Although this new partitioning mode unlocked a number of great use cases for HAPI FHIR users (including multitenancy, better scalability, data segmentation, etc.) several fundamental limitations in the design have become apparent over time:

  • The Partition ID is not actually a part of the row identities (ie. the Primary Key and Foreign Key constraints) meaning that some RDBMS platforms could not use it as a partition key without significant manual schema modifications.
  • The Partition ID is not included in SQL ON statements when performing table joins, making these joins inefficient for partitioned databases.

8.4.2Database Partitioning

 

The HAPI FHIR 8.0.0 JPA server introduces a new experimental mode called Database Partitioning Mode. This new mode addresses the limitations described above by making changes to the JPA database schema and the SQL which interacts with it that are incompatible with the existing schema.

In Database Partitioning Mode:

  • All tables containing resource-specific data (ie. each row contains information about a single resource) will have the partition ID incorporated in their primary key.
  • All SQL emitted by HAPI FHIR JPA will include a partition ID in the WHERE clause for selects against partitioned tables (where possible) and in the ON clause for joins across partitioned tables (always).
  • The default partition must be set to a non-null value (e.g. 0)

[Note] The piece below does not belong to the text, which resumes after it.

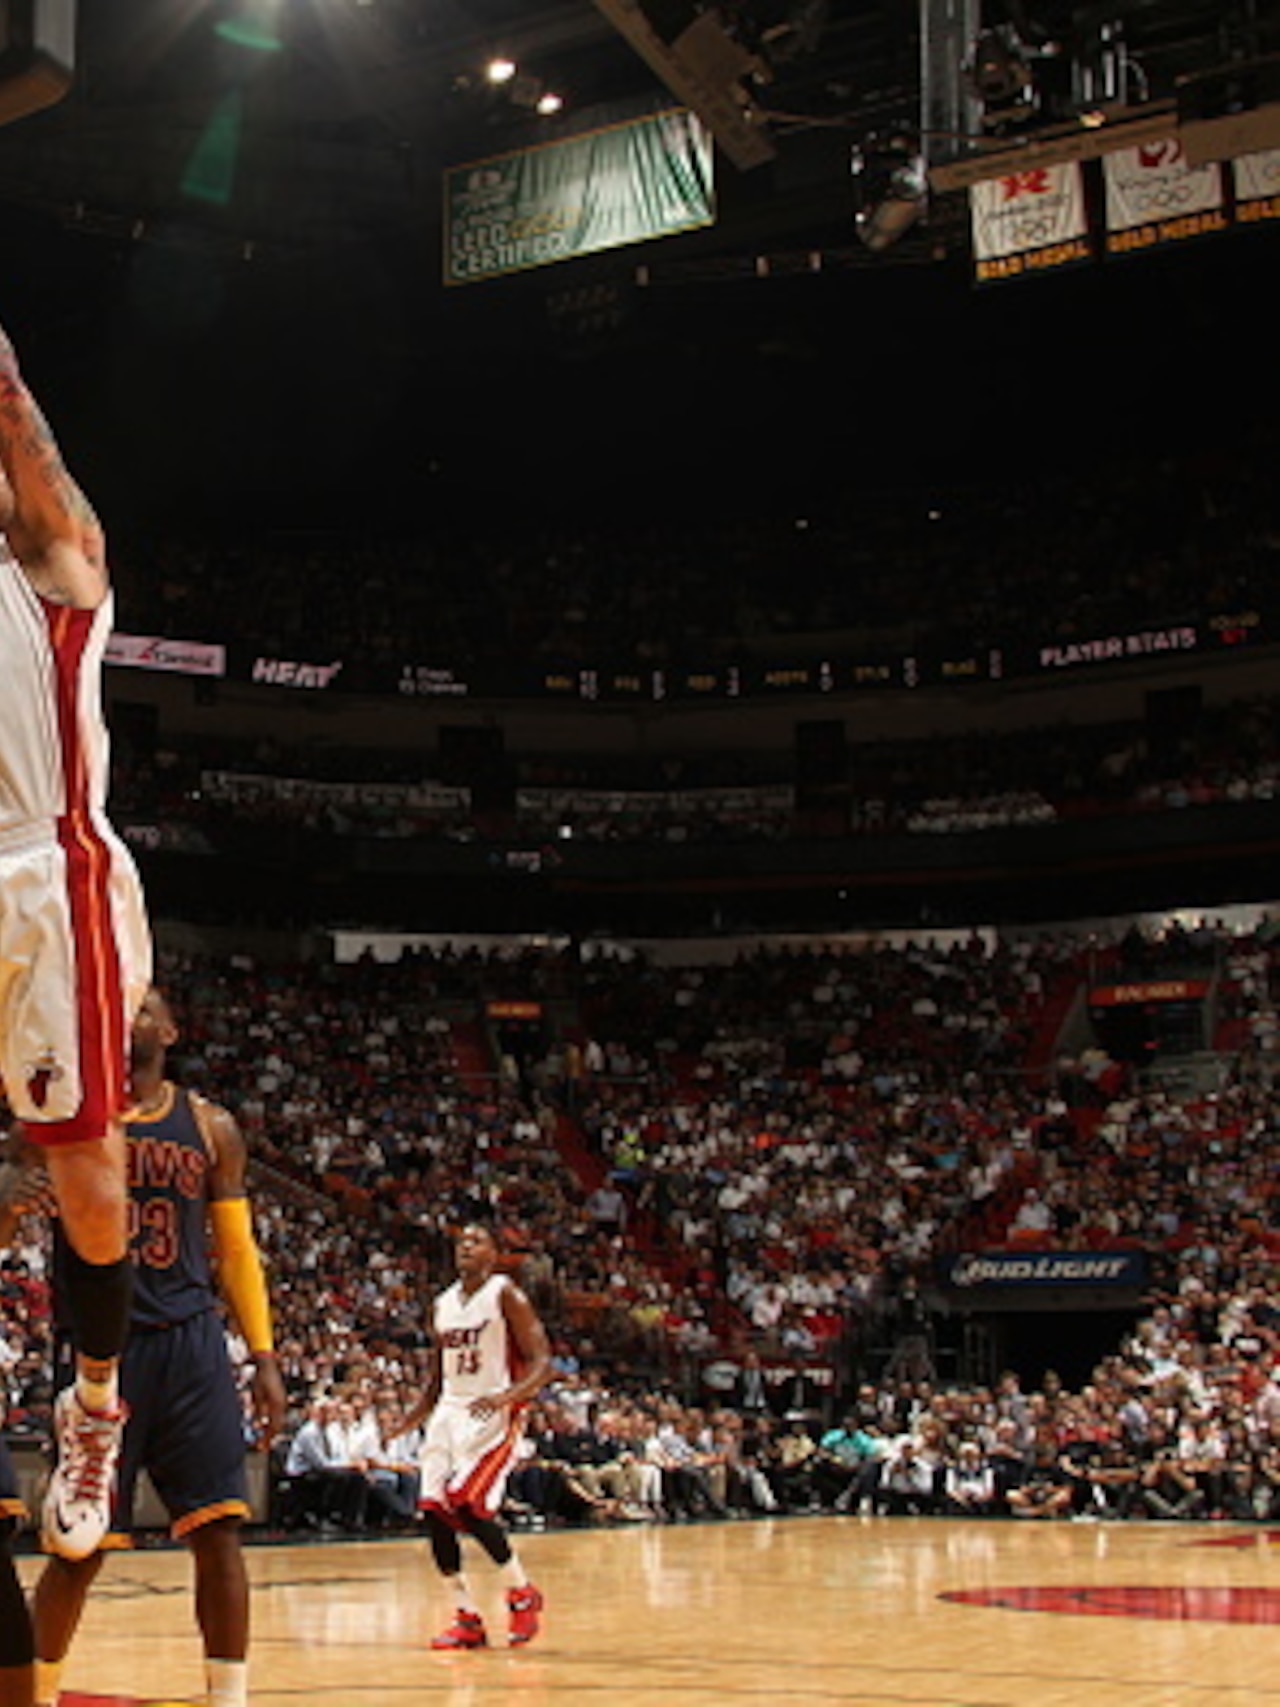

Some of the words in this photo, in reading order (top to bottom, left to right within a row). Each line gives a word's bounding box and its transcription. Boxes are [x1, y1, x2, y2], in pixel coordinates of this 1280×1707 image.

8.4.3Initializing and Upgrading your Database

 

On first startup (assuming an empty database schema) the system will automatically create all needed tables. The system must be configured to be in Database Partition Mode before this initial startup in order for the system to select the correct DDL to use when initializing the database.

It is not yet possible to migrate an existing database schema between these two modes (this may come in a future release), and the system will detect and fail to start if the server is in the incorrect mode for an existing database schema.

The CLI Migrator can be used to upgrade the database schema when upgrading HAPI FHIR. It must be configured to use the Database Partition Mode schema by using the --flags argument as described here.